Be a sticky phoenix and pivot. Huh?
Five ways to stand out from the crowd as a graduate
- Gradvertise®:
You want to be the best at a sport - you train, you join a team and you get coached. You want to pass
your driving test quickly - you get an instructor and you take the lessons. You want to get the best job -
you get a career coach and you Gradvertise®.
Gradvertising is all about effective management of the job finding process. It's about having an objective,
a strategy and then playing tactics (the Gradvert OST gameplan) and in that order. A good coach will work
with you to launch an effective Gradvertising Strategy®, as follows:
- Vision: Understand and define your vision: where do you really want to be in three
year's time? How will you know when you get there? Why is this so important to you? What might a
plausible alternative look like?
- Needs: To make that vision a reality, what knowledge, skills and experience do you
need (internal requirements) and what contacts, opportunities and qualifications might you
need (external requirements). Think - if you're shopping for a red car, you go looking for a red car.
It's the same for recruiters: be what they're searching for!
- Plan: What steps will get you there fastest and most efficiently? What must you do
in the short term vs. what must you invest in longer term. Is each step specific, measurable,
achievable, realistic and timely (SMART)?
- Action: No more procrastination: be bold, step out and act - the only way to find oil
is to dig! And, with that, be sure to make use of the resources available to you.
For example, make sure your CV absolutely and positively sings out to the recruiter
by getting it written by a recruiter. Use your careers service, read the company recruitment
information and use the online CV and interview services available to hone your application to perfection.

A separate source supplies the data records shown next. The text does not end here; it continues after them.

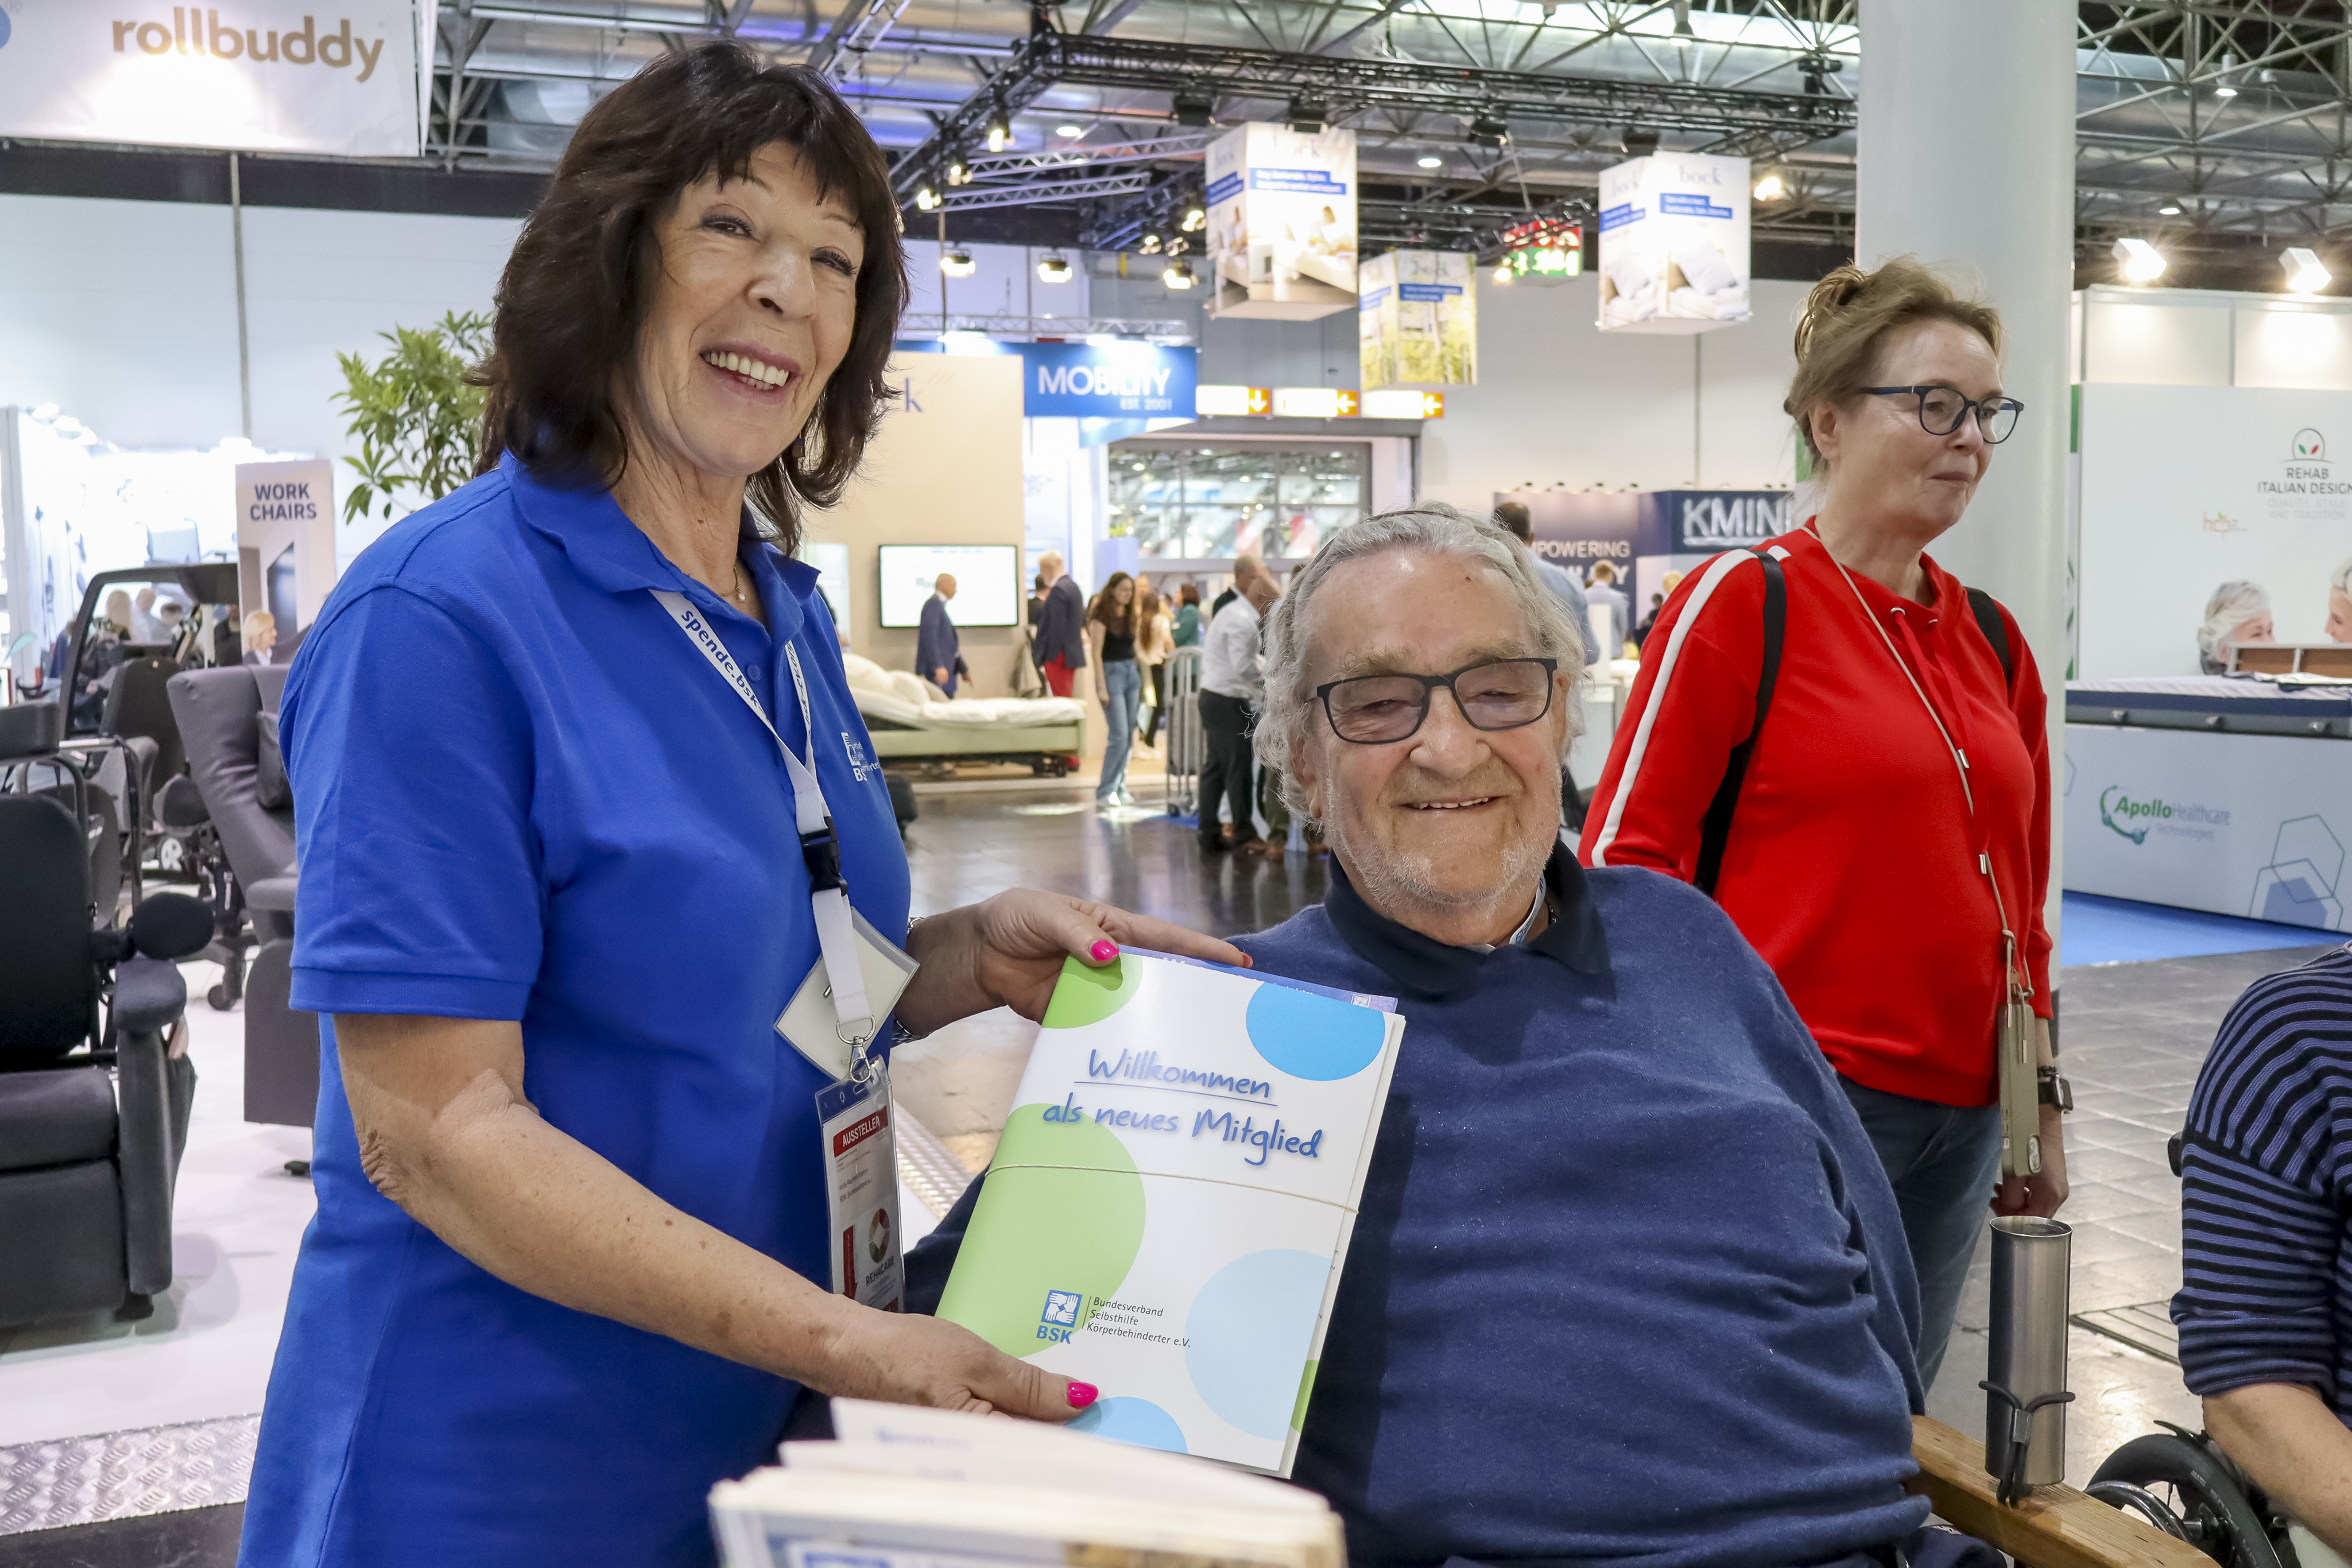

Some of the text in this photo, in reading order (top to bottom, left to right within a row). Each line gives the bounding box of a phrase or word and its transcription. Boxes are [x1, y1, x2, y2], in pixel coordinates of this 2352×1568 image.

[113, 6, 384, 83] rollbuddy
[1679, 165, 1722, 186] bock
[1038, 365, 1170, 396] MOBILITY
[1144, 398, 1173, 410] 2001
[2287, 468, 2329, 479] REHAB
[255, 483, 310, 501] WORK
[2258, 482, 2306, 493] ITALIAN
[250, 503, 317, 521] CHAIRS
[1089, 1049, 1271, 1099] Willkommen
[843, 1115, 880, 1147] AUSSTELLER
[1042, 1092, 1323, 1166] als neues Mitglied
[866, 1255, 895, 1286] REHACARE
[1093, 1297, 1163, 1316] Bundesverband
[1090, 1309, 1139, 1325] Selbsthilfe
[1036, 1325, 1073, 1344] BSK
[1087, 1322, 1191, 1347] Körperbehinderter e.V.
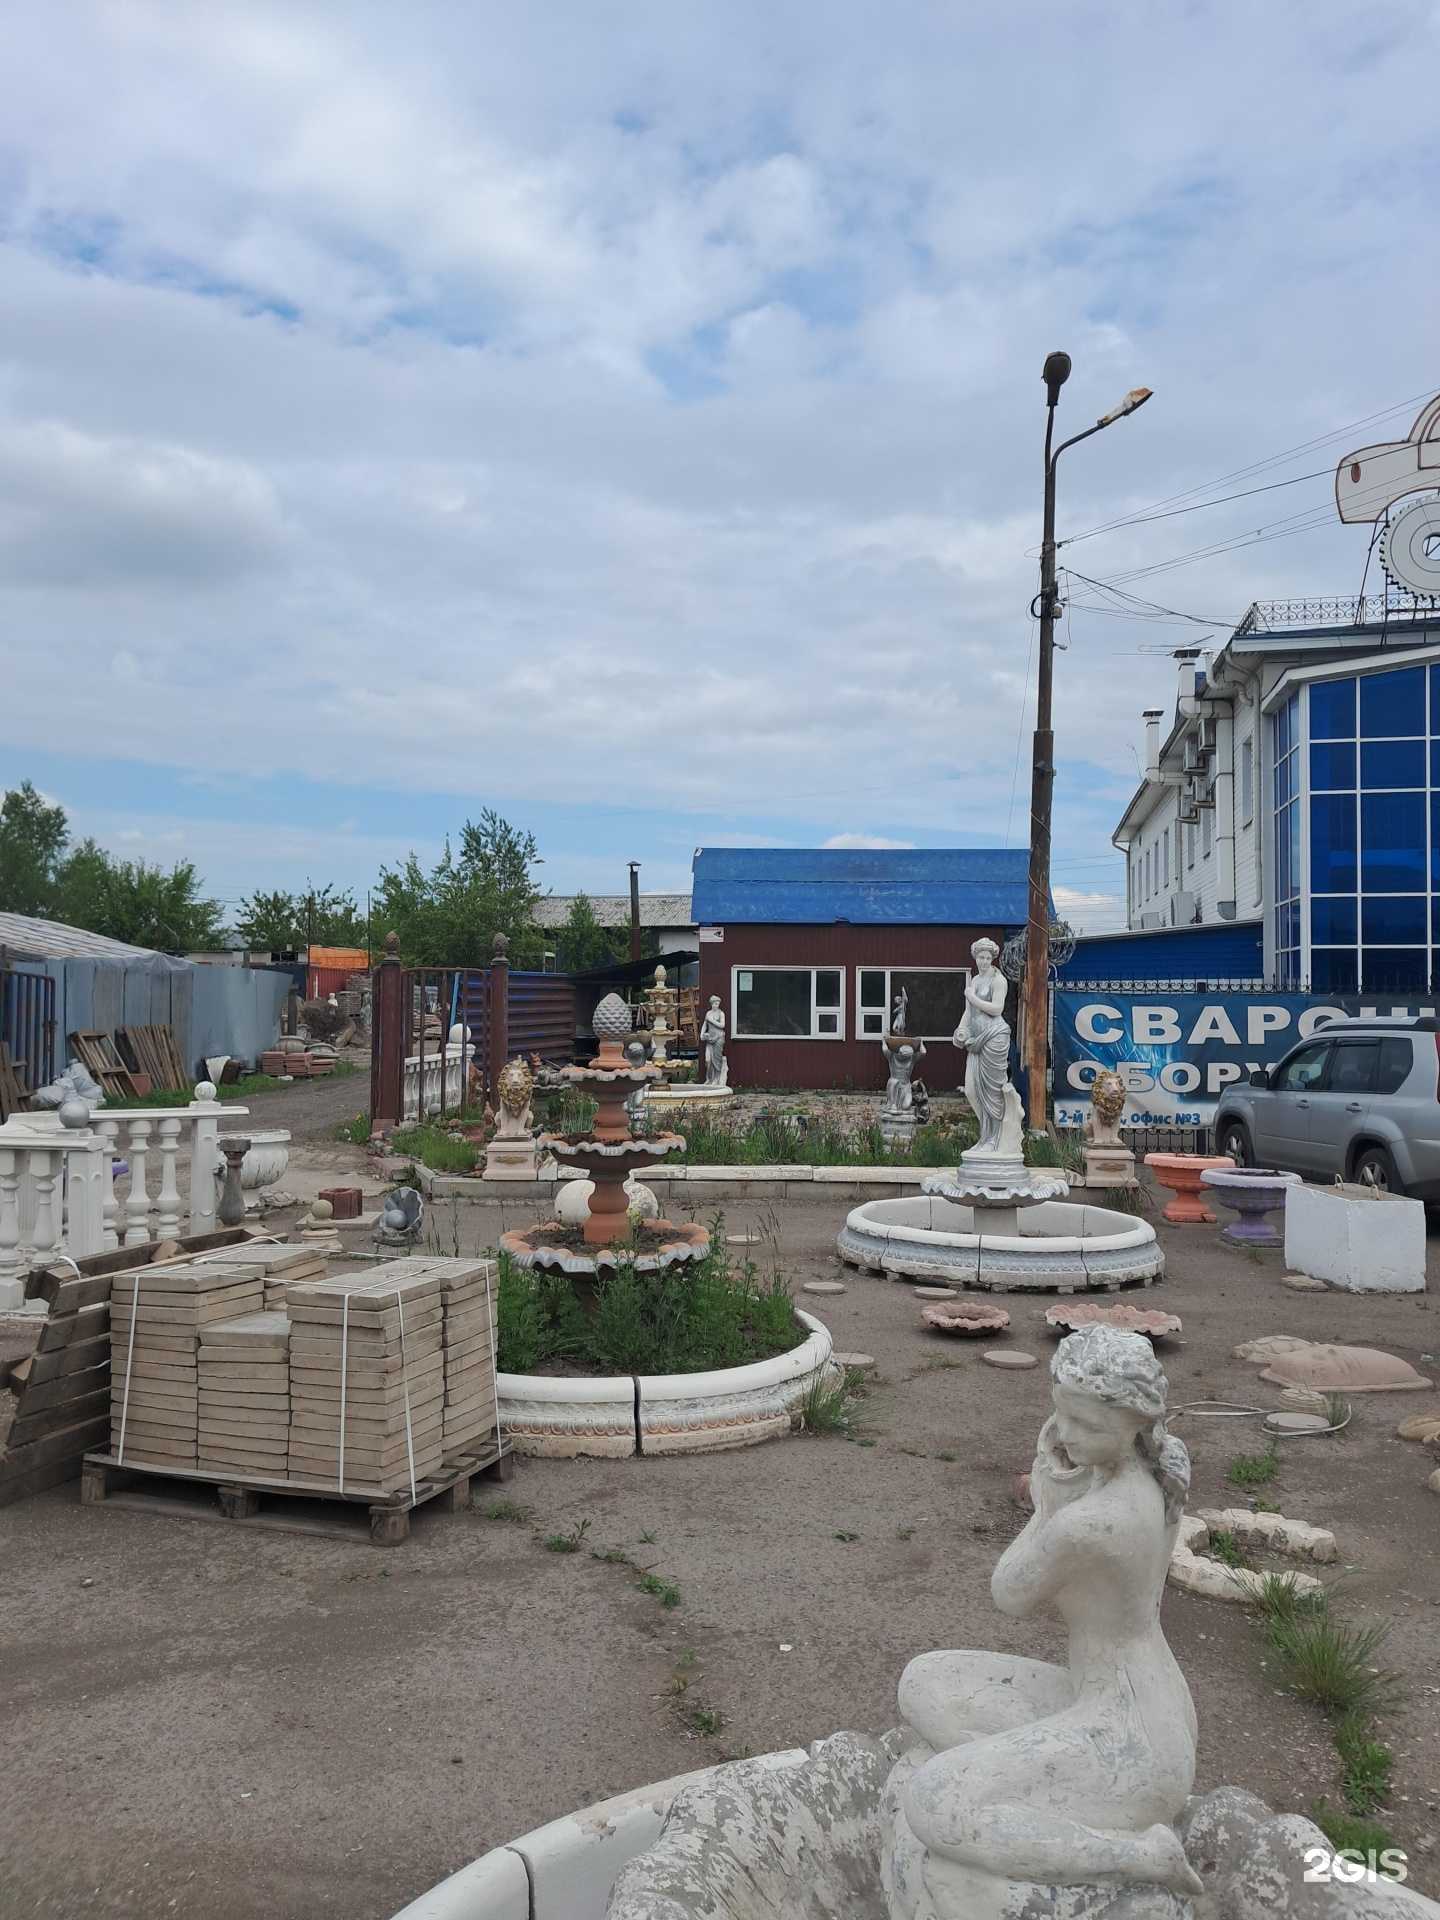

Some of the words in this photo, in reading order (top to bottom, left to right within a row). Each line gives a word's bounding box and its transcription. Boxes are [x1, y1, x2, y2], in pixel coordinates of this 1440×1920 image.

- Review: Be critical about progress made. If you're not moving forward or you're putting
something off ask yourself why and what an alternative move might be: don't let it hang over you. On the
flip side, make sure you acknowledge the progress you've made. Celebrate each mini-success because you're
heading in the right direction.
- Capitalise on trends:
Trends are prevalent in every industry and in every market. They will be the topics getting the most airtime in business literature,
online forums, conferences and the Board room. So, make sure you understand each trend and its significance
to the business you're interested in. Furthermore, don't just know the trend; be the trend: be armed with
examples of times when you've been e.g. innovative and be ready to show how you can apply your thinking
to e.g. the Glocal (local application of global solutions) market place.
- Pivot:
Sometimes you can't have what you want when you want it. So, take an entry level job, one that will help
you to plug some of your development areas and whilst you've got one foot standing still; pivot with the
other. In the meantime, continue applying for bigger and better jobs, continue to network and
continue to Gradvertise®. It's
far easier to find work when you're working than when you're unemployed. Plus, you never know what
further opportunities a 'smaller fry' job might open up to you!
- Be sticky:
If a cappuccino is the art of selling air: being 'sticky' is the art of memorably selling your potential: sticking in people's minds!
The market is flooded with talent, we know this. So make yourself sticky by being the master of exclusion -
refining and selling your key messages - and standing at the edge of the herd - showcasing what no-one
else has.
Define your core value proposition (what makes you commercially viable) and bang that message home -
the most memorable graduate is the one likely to be discussed in the post interview reviews and the
one most likely to be hired. Make sure you have (relevant) interview examples that no-one else has and show how your learning can be applied to that recruiting company. Talk as if you're already working
for that company. Tease them with ideas you could implement and skills you can bring. Be brave.
Be bold. Own that stage and you'll leave them feeling that they can't do without you!
- Be a phoenix:
We've grown up in a world where failure is deemed so negatively that it is a taboo subject. It
leads us to play it safe and cover up failed attempts. This is tragic because without pushing the
boundaries we'll never learn; never reach our full potential. The best entrepreneurs are those
that have lost it all and come back from the ashes. Look at Sir Alan Sugar, Duncan Bannentyne
and Richard Branson.
So, fail fast and learn from it. Get outside of your comfort zone and into that stretch zone because
this is where the best learning and fastest growth takes place. To do this, develop a complete
disregard for where your competencies end: don't let other people place their own personal limitations
on your ability; jump in and sink or swim!